Anybody who uses computers regularly especially in the classroom will be surprised that Mr Lloyd didn’t include a third category Wired And Tired Guy. He’s the one with incipient Repetitive Strain Injury and the permanent headache induced by too many hours hunched over a flickering VDU. His programs have a propensity to crash; his hard disc not to spin. If he does venture on to the digital superhighway, he joins the stretch festooned with the electronic equivalent of cones and spilt loads.
Most staffrooms, I suspect, can also boast a Wired And Retired Guy. Of course he is not officially retired indeed, he often draws one of the school’s biggest salary cheques. But so absorbed is he in the niceties of desktop publishing or the intricacies of the latest timetabling package, that he no longer finds time to do any of the things outlined in his lengthy job description.

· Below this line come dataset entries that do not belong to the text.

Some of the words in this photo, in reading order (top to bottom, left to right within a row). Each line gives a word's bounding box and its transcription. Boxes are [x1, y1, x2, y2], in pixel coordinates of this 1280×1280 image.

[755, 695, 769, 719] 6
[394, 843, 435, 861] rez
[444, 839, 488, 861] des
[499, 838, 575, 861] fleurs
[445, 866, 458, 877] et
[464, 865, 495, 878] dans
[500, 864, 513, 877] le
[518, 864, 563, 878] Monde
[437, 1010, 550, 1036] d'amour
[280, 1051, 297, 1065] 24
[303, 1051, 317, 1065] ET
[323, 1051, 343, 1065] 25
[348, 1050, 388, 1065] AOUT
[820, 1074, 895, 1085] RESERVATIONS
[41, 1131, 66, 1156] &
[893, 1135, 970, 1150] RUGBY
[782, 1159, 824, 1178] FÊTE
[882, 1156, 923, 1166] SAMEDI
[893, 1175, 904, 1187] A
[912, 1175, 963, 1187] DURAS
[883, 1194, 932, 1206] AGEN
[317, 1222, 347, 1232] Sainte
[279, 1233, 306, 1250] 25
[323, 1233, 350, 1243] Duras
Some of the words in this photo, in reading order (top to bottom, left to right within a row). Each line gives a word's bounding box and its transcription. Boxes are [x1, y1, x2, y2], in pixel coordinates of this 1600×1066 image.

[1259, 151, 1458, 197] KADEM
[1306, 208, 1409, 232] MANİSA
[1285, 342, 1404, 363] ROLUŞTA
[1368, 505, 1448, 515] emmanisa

Most teachers would also recognise Wired And Wanna-Be-Admired Guy. Wherever two or three are gathered together, he’s the one who ostentatiously brandishes his laptop to ensure everyone knows what a cyberdude he is. Of course he doesn’t impress anyone with the possible exception of wideeyed Wired And Inspired Guy.

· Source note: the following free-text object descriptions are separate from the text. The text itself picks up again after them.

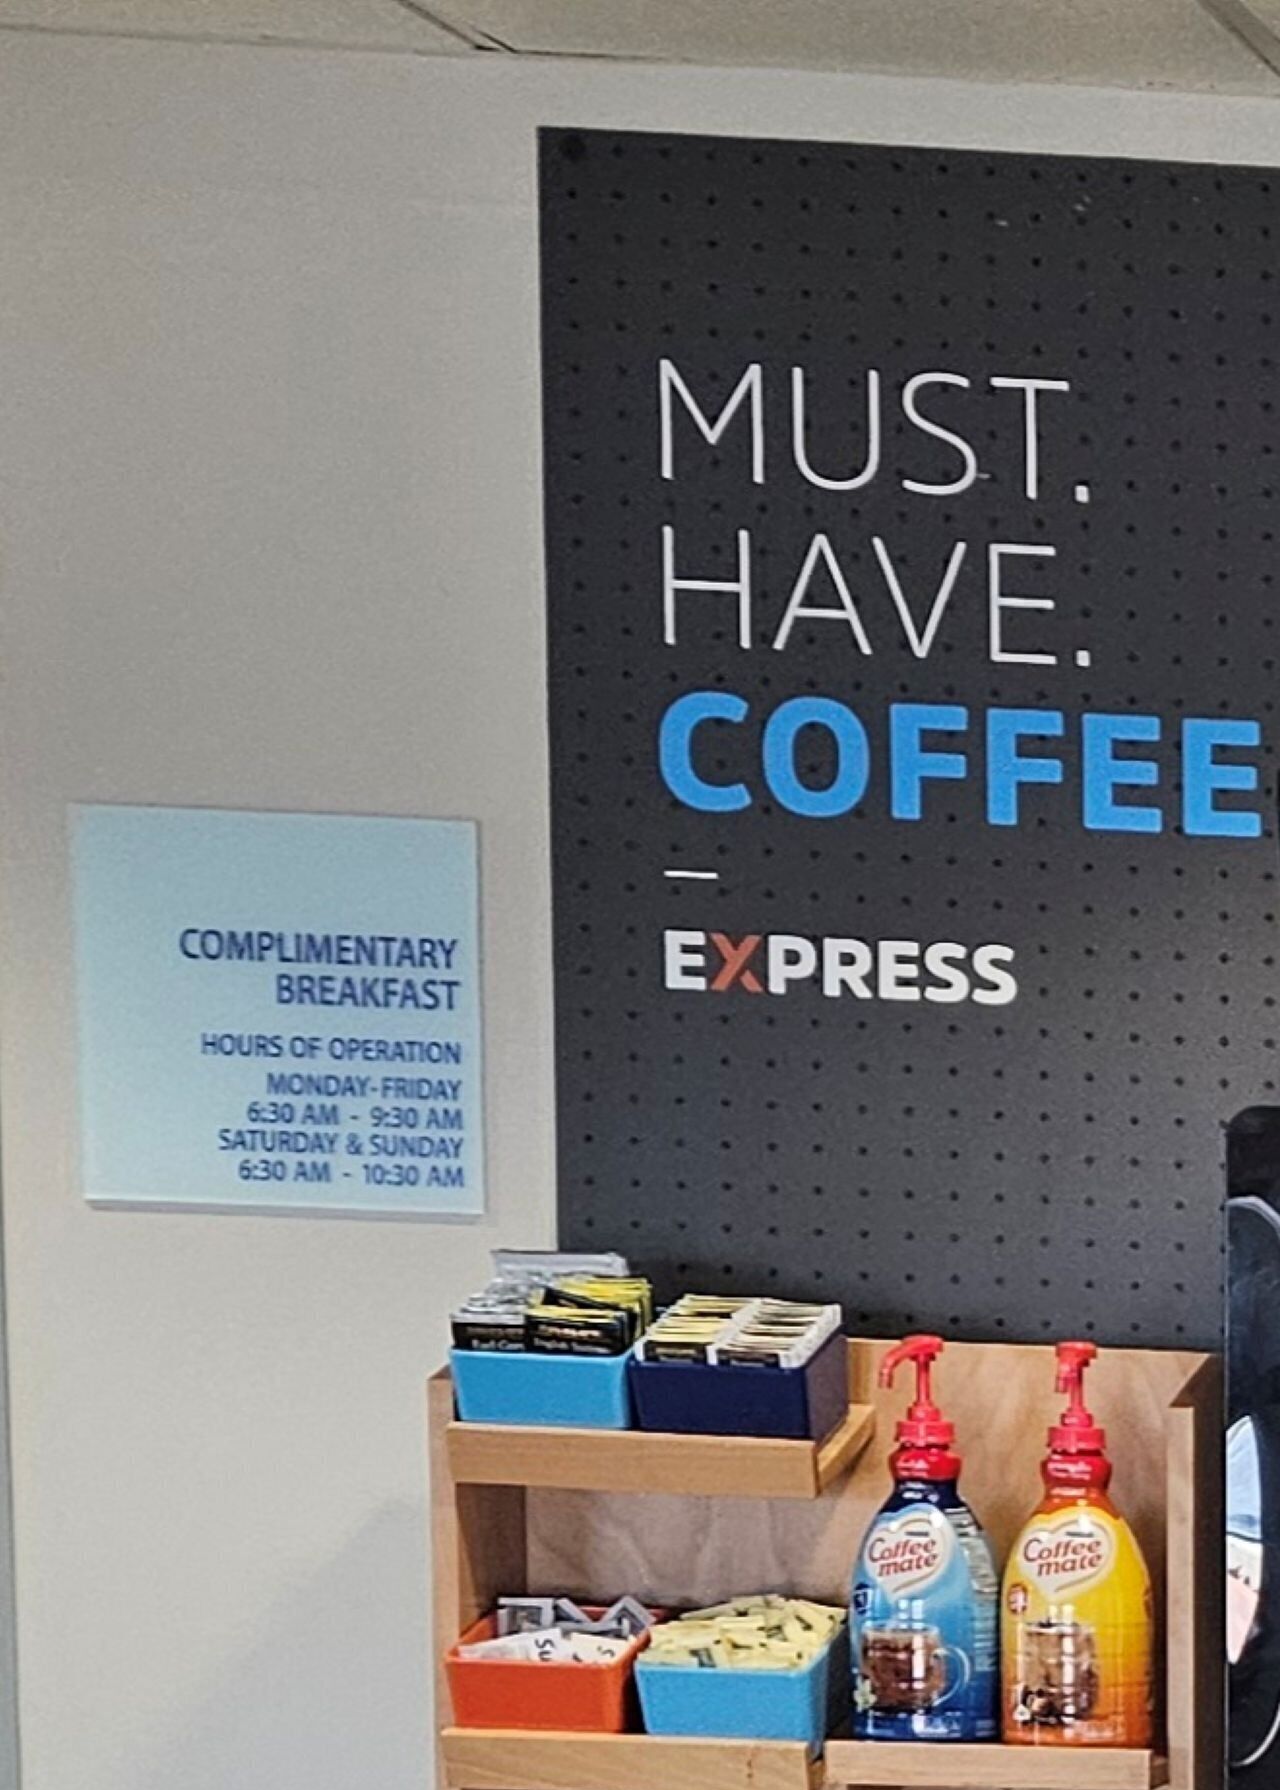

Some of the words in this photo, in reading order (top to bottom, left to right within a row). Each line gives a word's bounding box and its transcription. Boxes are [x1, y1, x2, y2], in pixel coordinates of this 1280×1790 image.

[660, 358, 1090, 503] MUST.
[661, 525, 1091, 667] HAVE.
[659, 690, 1262, 838] COFFEE
[179, 928, 459, 969] COMPLIMENTARY
[663, 929, 1018, 1006] EXPRESS
[276, 973, 461, 1010] BREAKFAST
[202, 1033, 283, 1058] HOURS
[290, 1036, 323, 1059] OF
[328, 1037, 461, 1064] OPERATION
[247, 1101, 294, 1124] 6:30
[302, 1103, 340, 1125] AM
[370, 1106, 419, 1129] 9:30
[426, 1107, 464, 1130] AM
[218, 1128, 339, 1153] SATURDAY
[346, 1133, 363, 1155] &
[369, 1134, 464, 1159] SUNDAY
[238, 1159, 287, 1182] 6:30
[293, 1161, 332, 1183] AM
[362, 1163, 420, 1187] 10:30
[427, 1165, 465, 1188] AM
[868, 1537, 936, 1563] Coffee
[877, 1553, 938, 1577] mate
[1023, 1537, 1101, 1562] Coffee
[1037, 1554, 1102, 1577] mate

This guy is so entranced by the hype surrounding The Information Revolution that, like a child on Christmas Eve, he yearns for the Utopian tomorrow when the Internet will unite us as one contented global family. Then all manner of things shall be well, nation shall speak peace unto nation, lambs will lie down with lions and there’ll be honey still for tea. He is, however, perpetually puzzled that his colleagues aren’t always as ecstatic as he is when he tells them about a future in which their every need, from selecting the week’s groceries to finding a mate, will be met by a click of the mouse. He can’t understand that, for them, despite their ritualistic grumbling about having to come to work, actually meeting real people is preferable to messing around with a computer however many megabytes it may have.

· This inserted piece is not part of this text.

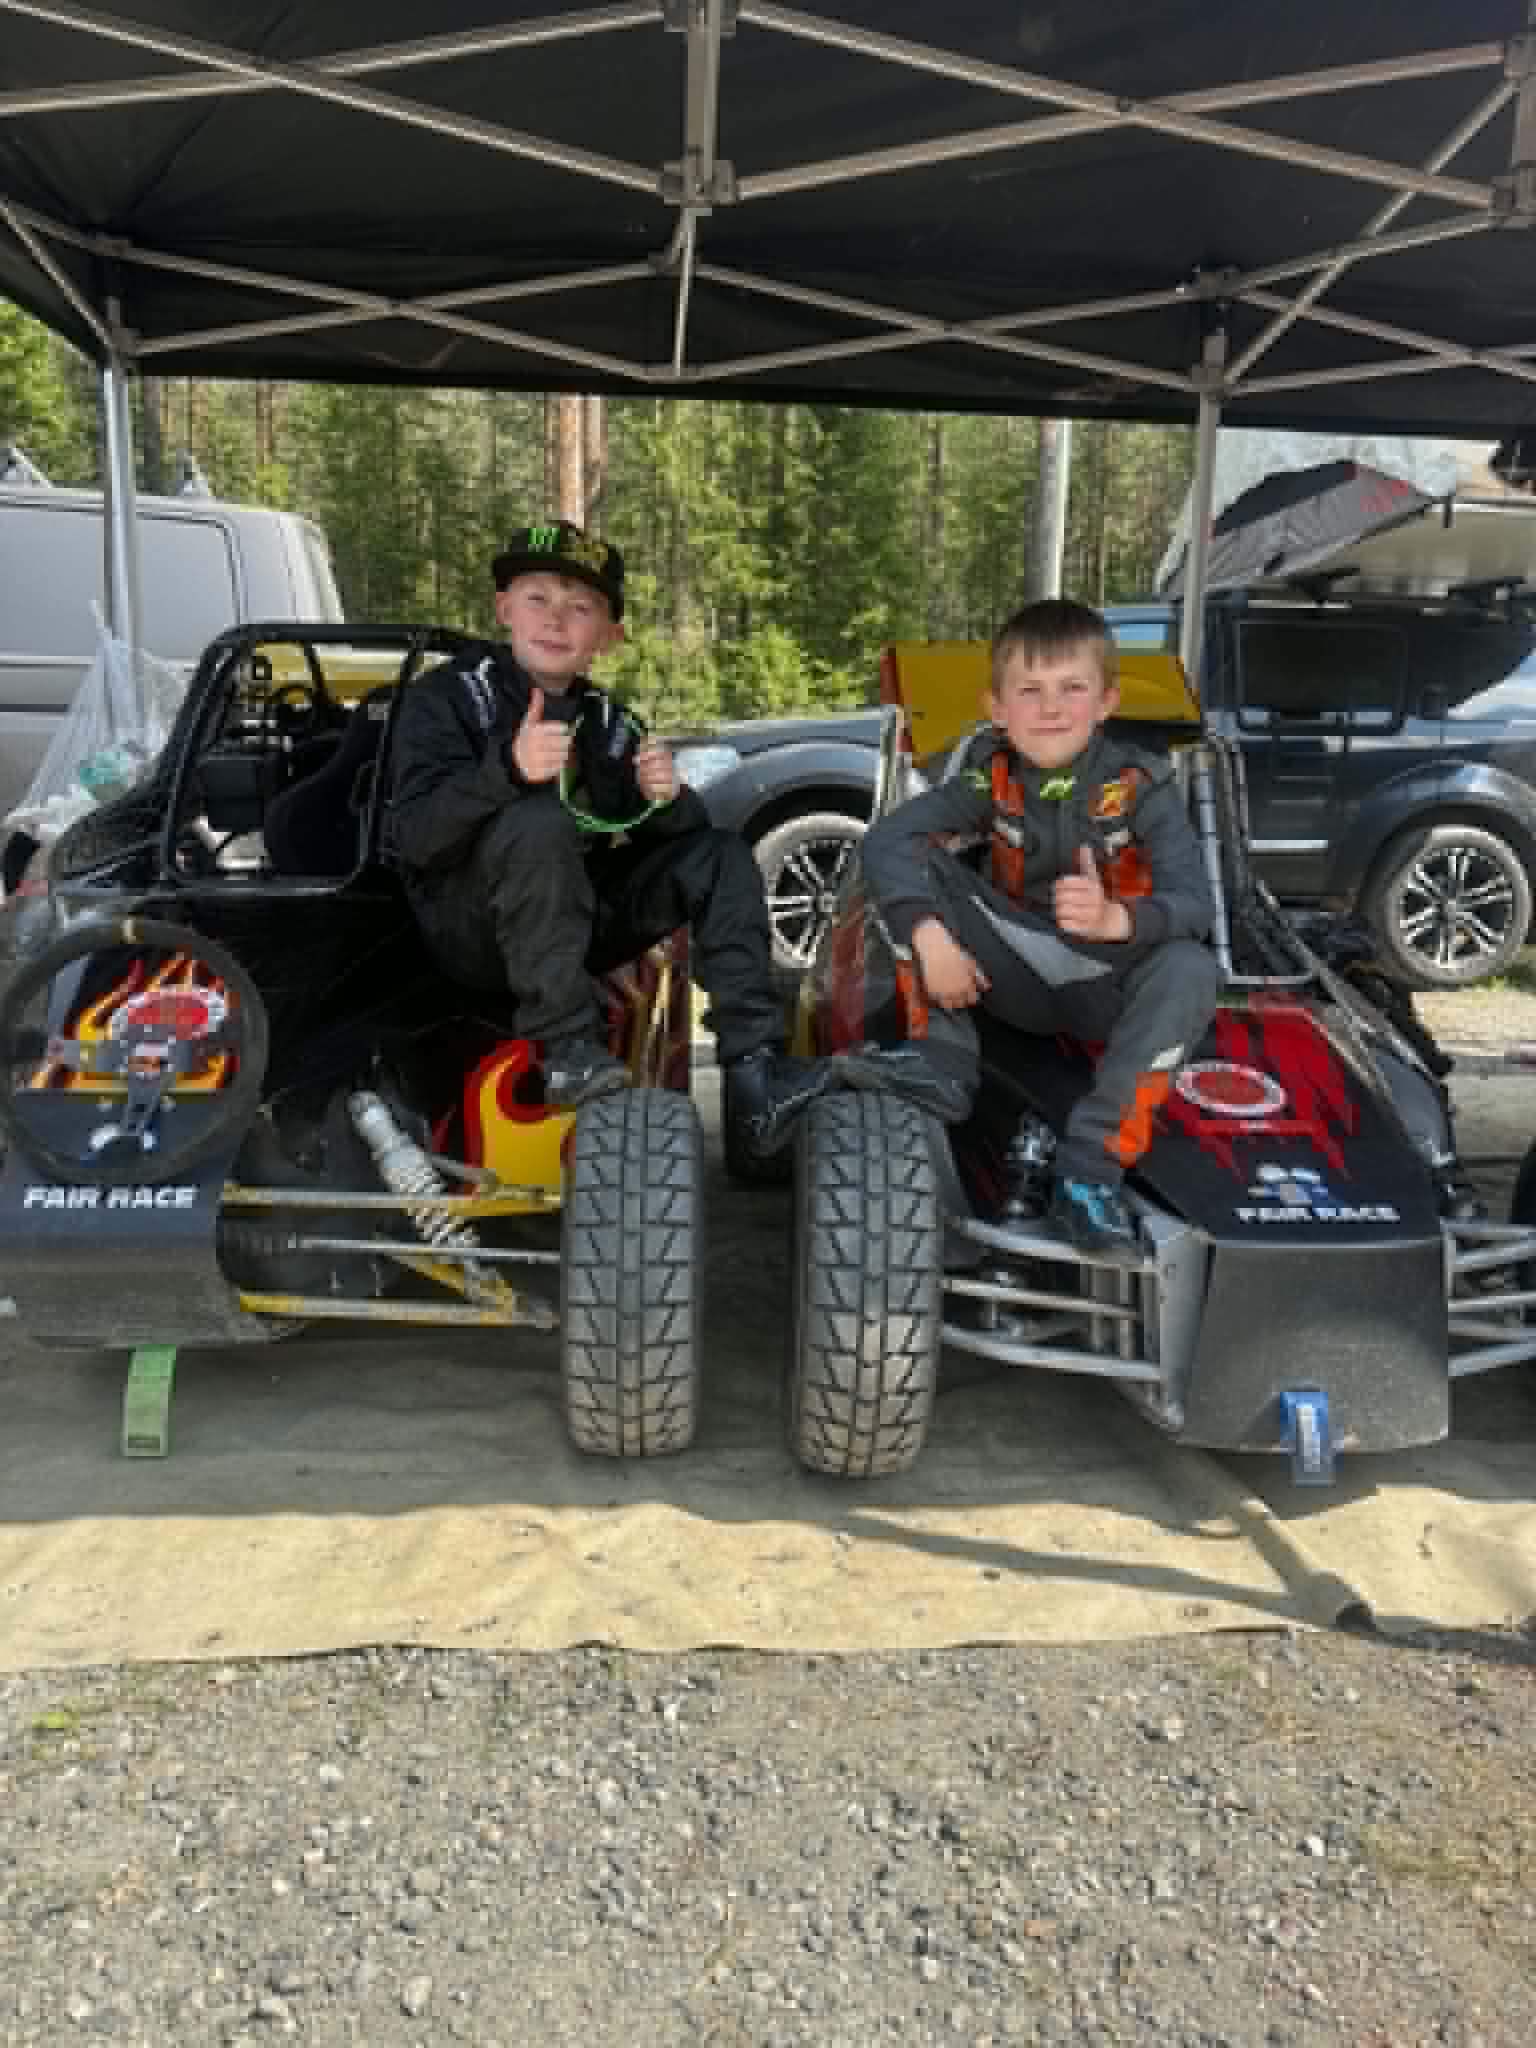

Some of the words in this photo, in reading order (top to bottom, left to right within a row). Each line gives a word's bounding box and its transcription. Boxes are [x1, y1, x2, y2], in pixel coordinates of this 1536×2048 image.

[23, 1186, 100, 1208] FAIR
[107, 1186, 197, 1208] RACE
[1235, 1206, 1311, 1222] FAIR
[1314, 1206, 1400, 1223] RACE

He knows, however, that his colleagues had better make the most of it while they can. Computers, quite simply, cost jobs. In every walk of life from banking to brain surgery, they can not only do the work but do it better than us guys. There is no reason to believe that teaching is going to be an exception. Distance learning, via a computer, seems such a civilised alternative to a crowded classroom. A sophisticated program that can analyse an individual’s performance and use the data to structure the next assignment seems so much more sensible than the best efforts of an over-worked teacher with a diminishing pile of tattered text books. At colleges of further education, according to the recent TES survey “lecturing jobs are being cut as spending is switched to computers”. It can’t be long before schools follow their lead. And there can only be one thing worse than being a Tired, Wired, Retired, Wanna-be-Admired, or Inspired guy being a Fired Guy.